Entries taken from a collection
Start of Block

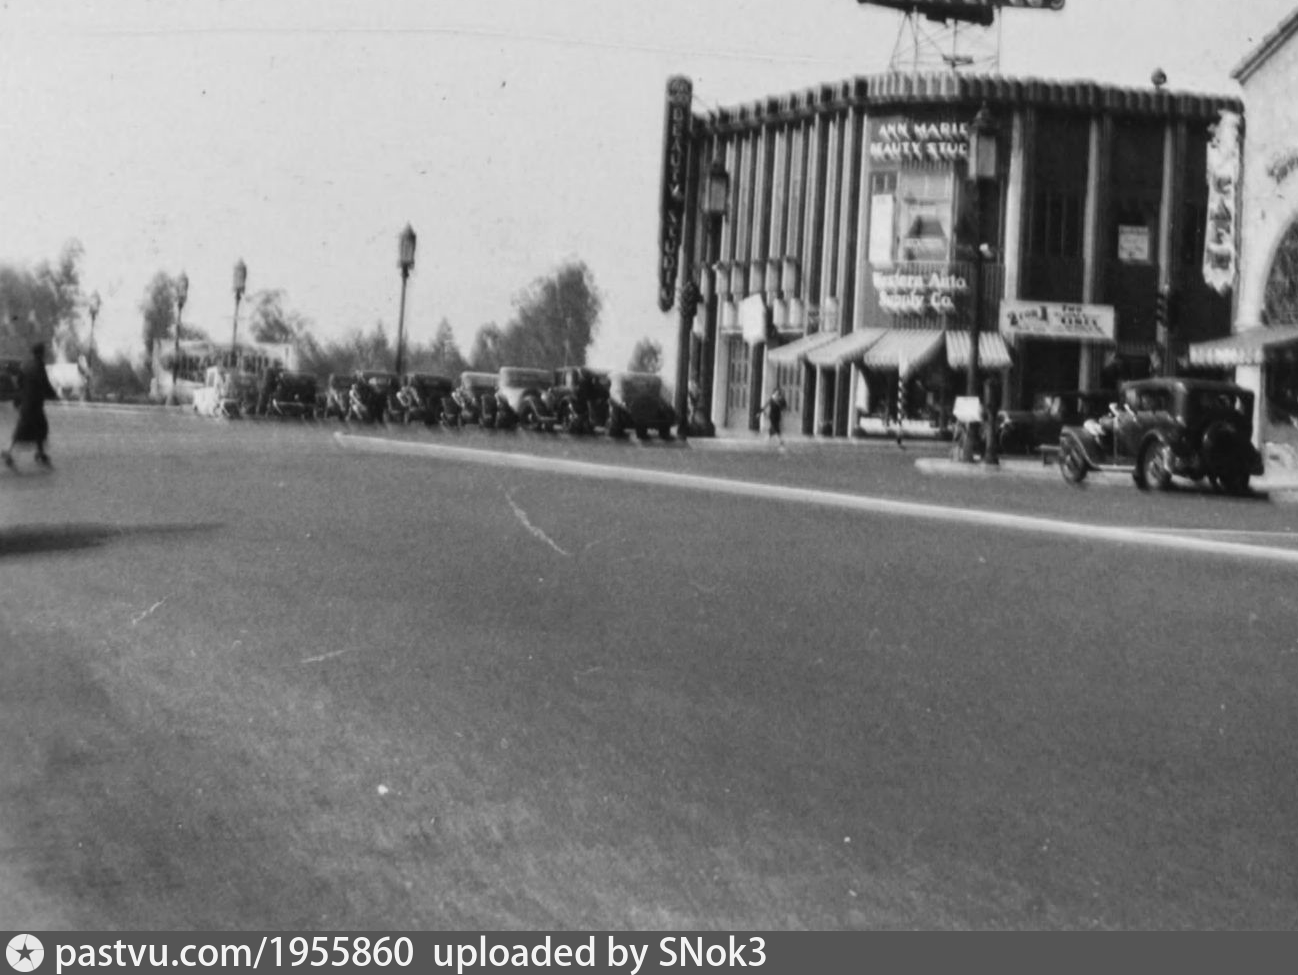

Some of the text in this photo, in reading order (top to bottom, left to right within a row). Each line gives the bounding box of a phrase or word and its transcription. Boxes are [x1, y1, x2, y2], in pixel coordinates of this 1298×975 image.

[870, 142, 969, 161] BEAUTY STUD
[929, 273, 968, 291] Auto
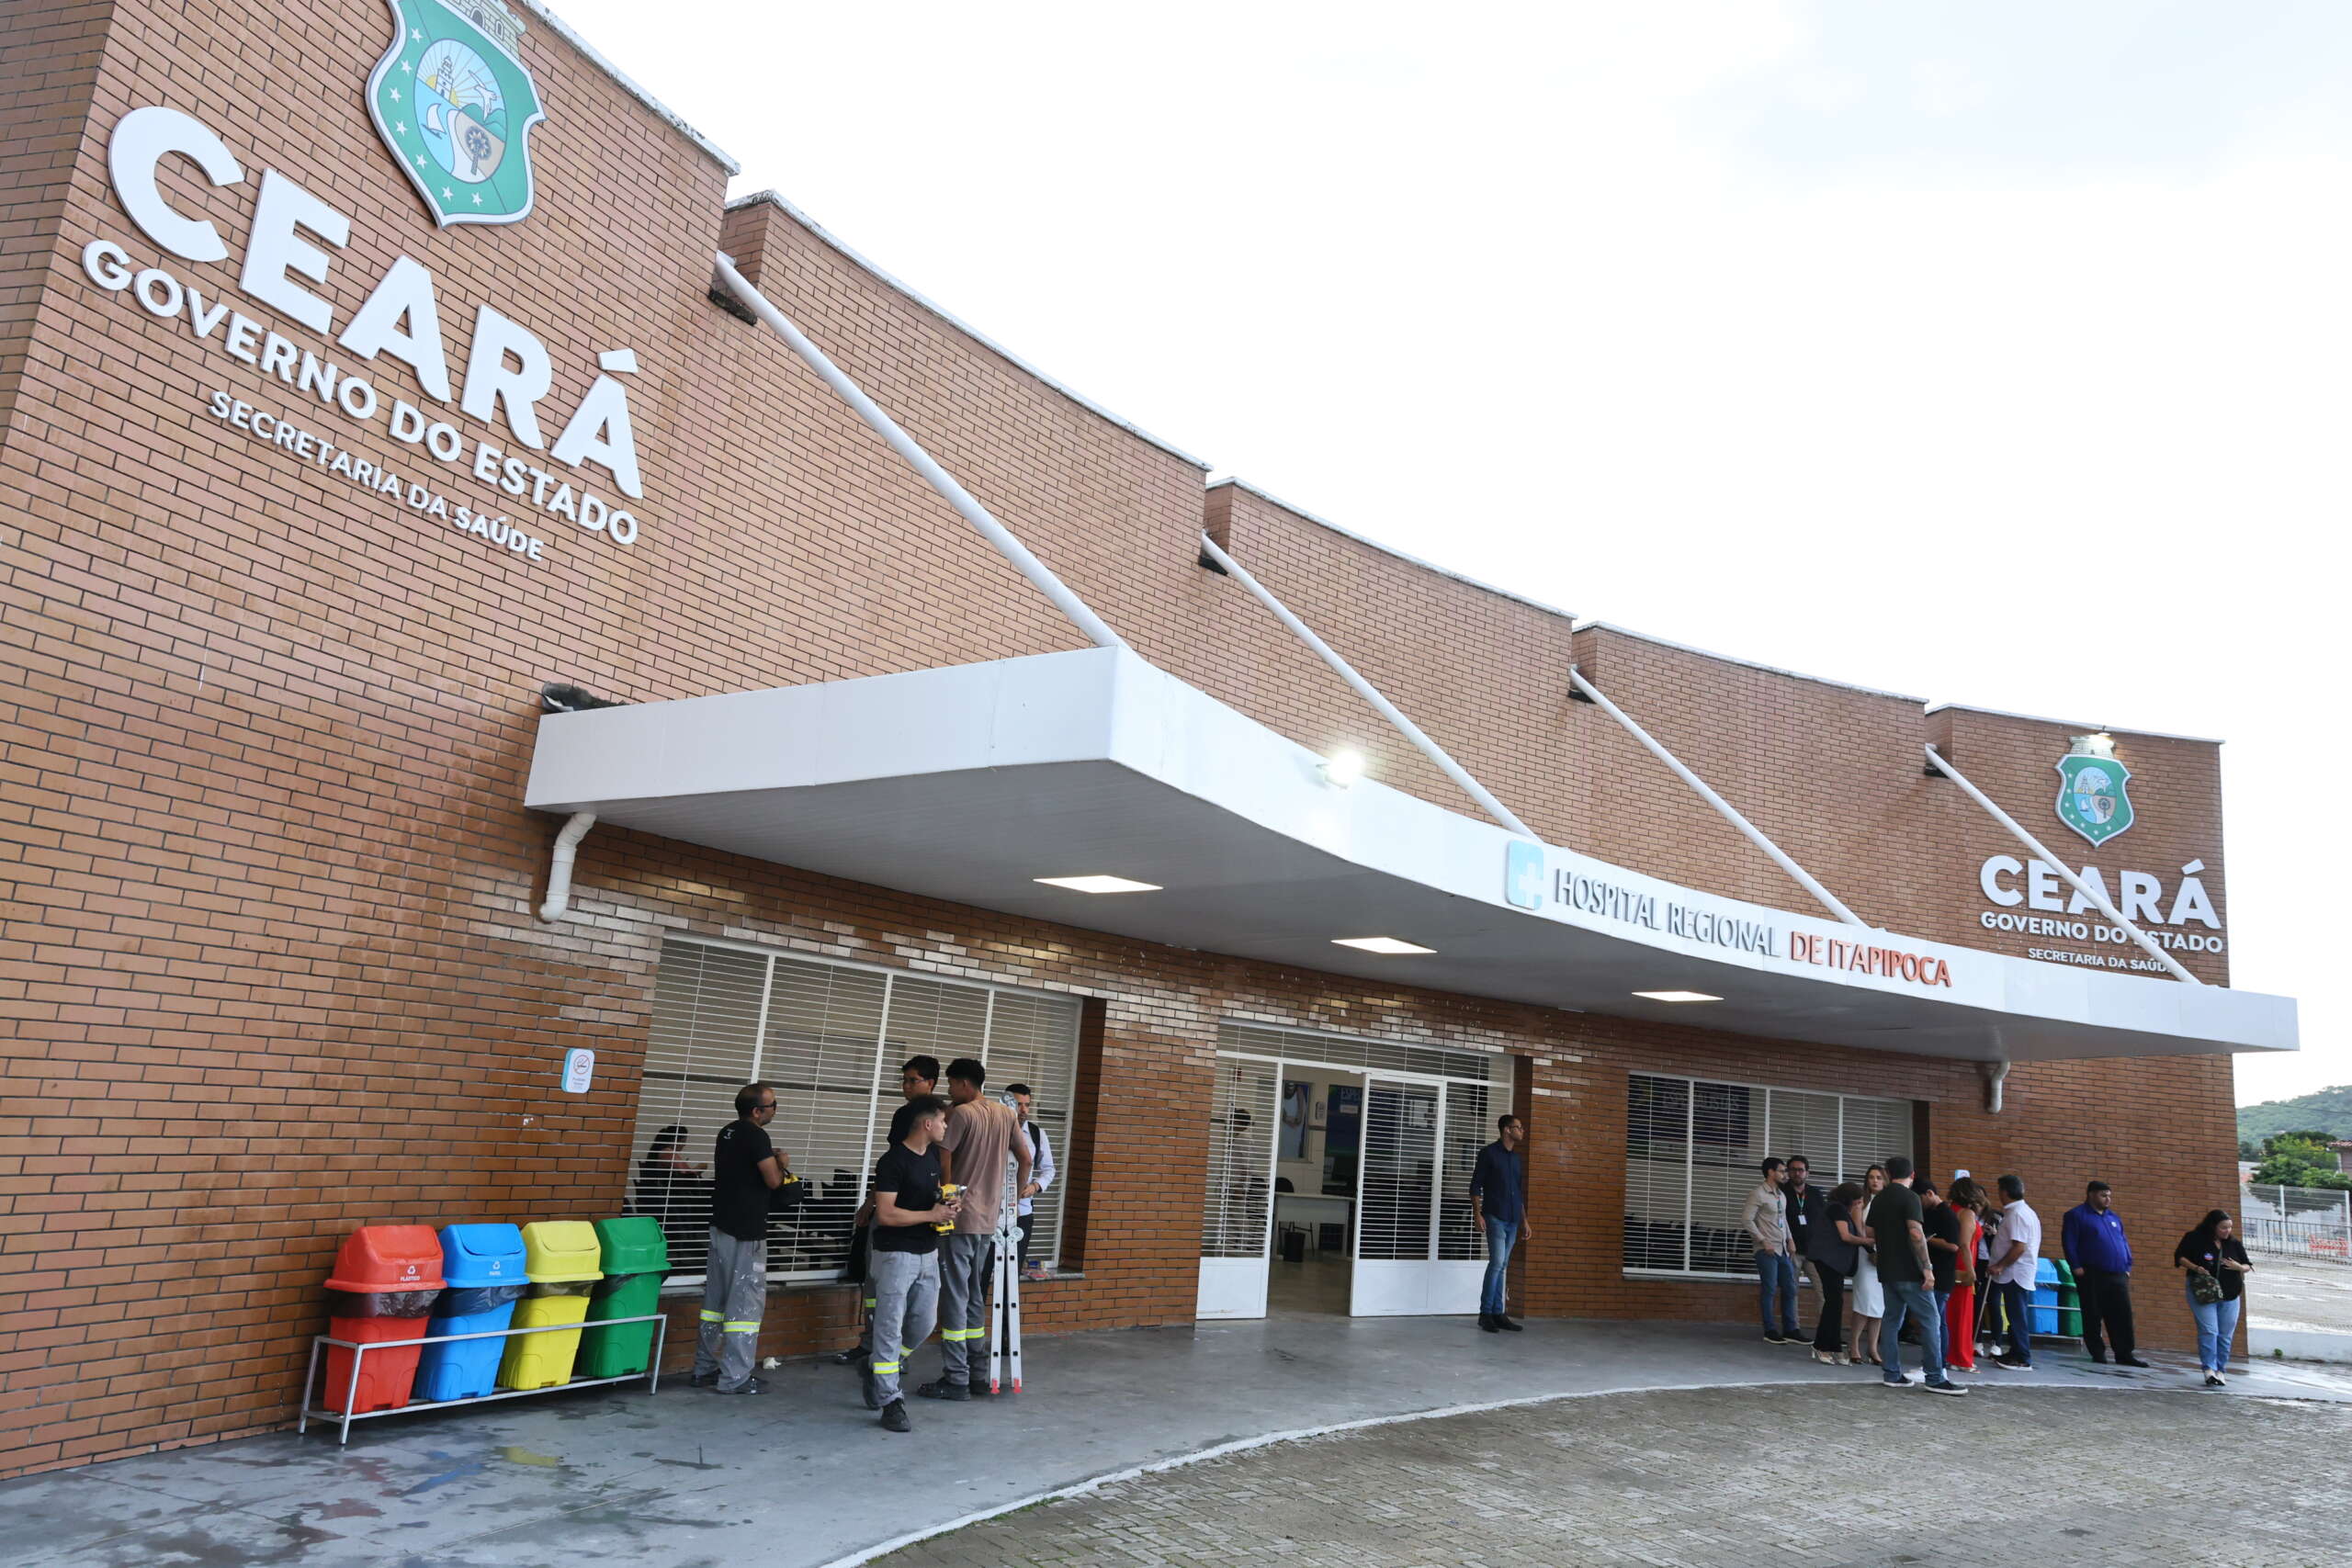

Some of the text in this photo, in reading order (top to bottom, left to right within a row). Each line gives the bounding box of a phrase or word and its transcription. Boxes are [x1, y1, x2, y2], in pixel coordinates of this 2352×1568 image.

[107, 106, 642, 499] CEARÁ
[82, 241, 639, 545] GOVERNO DO ESTADO
[207, 390, 544, 562] SECRETARIA DA SAÚDE
[1555, 868, 1952, 987] HOSPITAL REGIONAL DE ITAPIPOCA
[1980, 854, 2222, 930] CEARÁ
[1981, 911, 2223, 953] GOVERNO DO STADO
[2028, 947, 2172, 973] SECRETARIA DA SAÚD
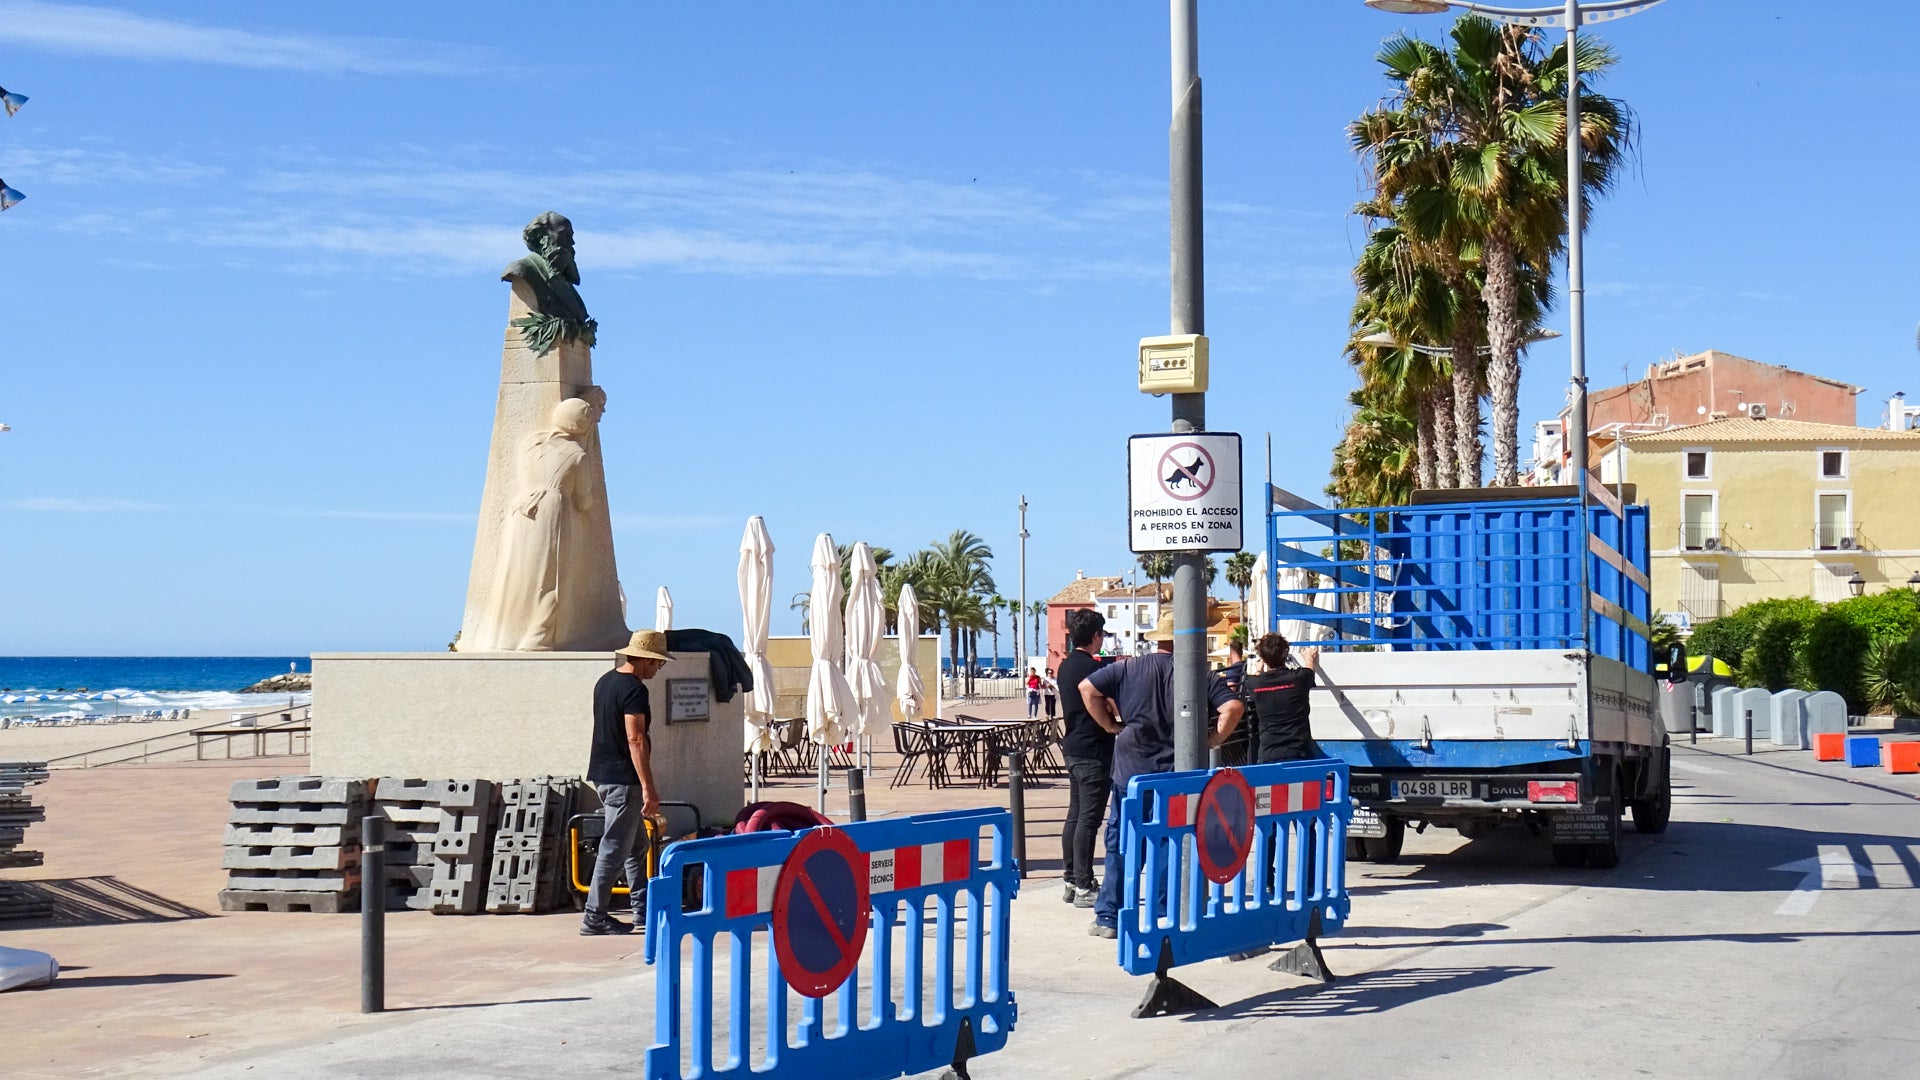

End of Block

Reproduce the data word for word, excluding its pictures.

Some of the text in this photo, in reading order (top to bottom, left to right within a row). Each line gives the bounding box of a phrase or word and its transcription. Boxes are [x1, y1, x2, y2], in pixel coordinates of this 1298×975 image.

[870, 142, 969, 161] BEAUTY STUD
[929, 273, 968, 291] Auto

Some of the text in this photo, in reading order (top to bottom, left to right within a row). Each line gives the bounding box of a phrase or word and its transcription. Boxes are [x1, y1, x2, y2], in pixel coordinates of this 2352×1568 image.

[107, 106, 642, 499] CEARÁ
[82, 241, 639, 545] GOVERNO DO ESTADO
[207, 390, 544, 562] SECRETARIA DA SAÚDE
[1555, 868, 1952, 987] HOSPITAL REGIONAL DE ITAPIPOCA
[1980, 854, 2222, 930] CEARÁ
[1981, 911, 2223, 953] GOVERNO DO STADO
[2028, 947, 2172, 973] SECRETARIA DA SAÚD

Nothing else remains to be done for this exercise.